UNDERSTANDING RESIDENT MOBILITY IN MILAN THROUGH INDEPENDENT COMPONENT ANALYSIS OF TELECOM ITALIA MOBILE USAGE DATA

成果类型:
Article
署名作者:
Zanini, Paolo; Shen, Haipeng; Truong, Young
署名单位:
Polytechnic University of Milan; University of Hong Kong; University of North Carolina; University of North Carolina Chapel Hill; University of North Carolina School of Medicine
刊物名称:
ANNALS OF APPLIED STATISTICS
ISSN/ISSBN:
1932-6157
DOI:
10.1214/16-AOAS913
发表日期:
2016
页码:
812-833
关键词:
SPECTRAL DENSITY
摘要:
We consider an urban planning application where Telecom Italia collected mobile-phone traffic data in the metropolitan area of Milan, Italy, aiming to retrieve meaningful information regarding working, residential, and mobility activities around the city. The independent component analysis (ICA) framework is used to model underlying spatial activities as spatial processes on a lattice independent of each other.
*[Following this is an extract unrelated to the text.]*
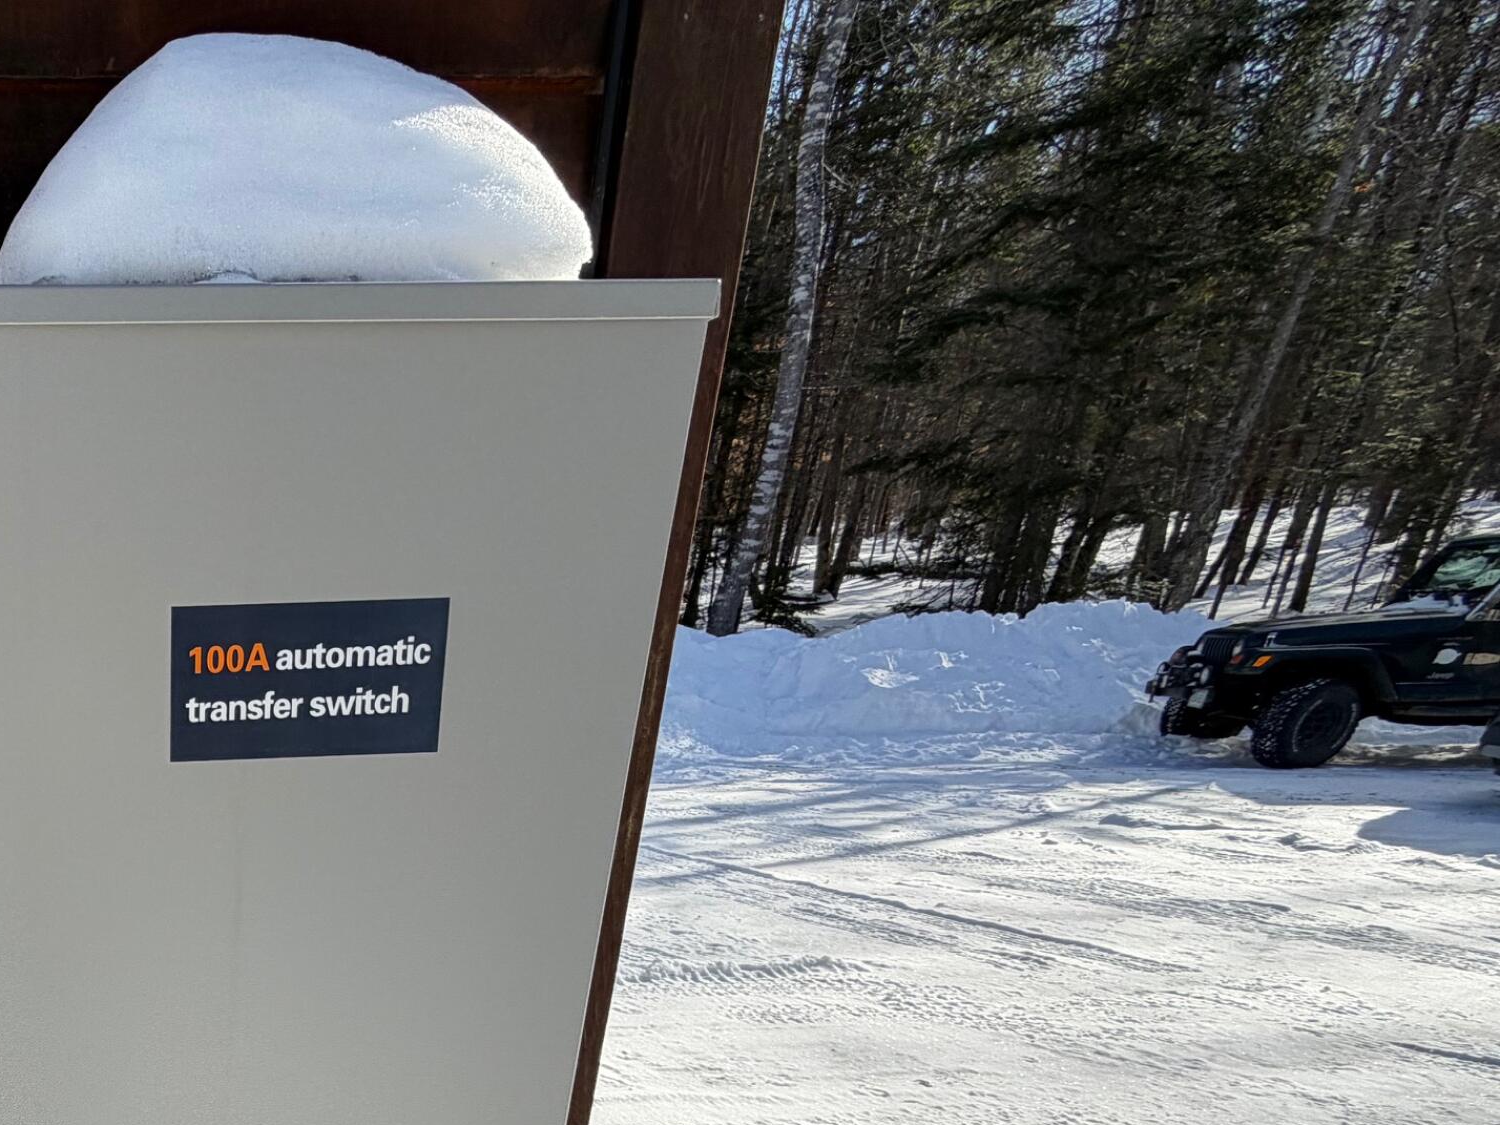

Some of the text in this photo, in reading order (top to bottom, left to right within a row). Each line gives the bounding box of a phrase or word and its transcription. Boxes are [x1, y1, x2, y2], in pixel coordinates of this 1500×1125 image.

To incorporate spatial dependence within the spatial sources, we develop a spatial colored ICA (scICA) method. The method models spatial dependence within each source in the frequency domain, exploiting the power of Whittle likelihood and local linear log-spectral density estimation. An iterative algorithm is derived to estimate the model parameters through maximum Whittle likelihood. We then apply scICA to the Italian mobile traffic application.
来源URL: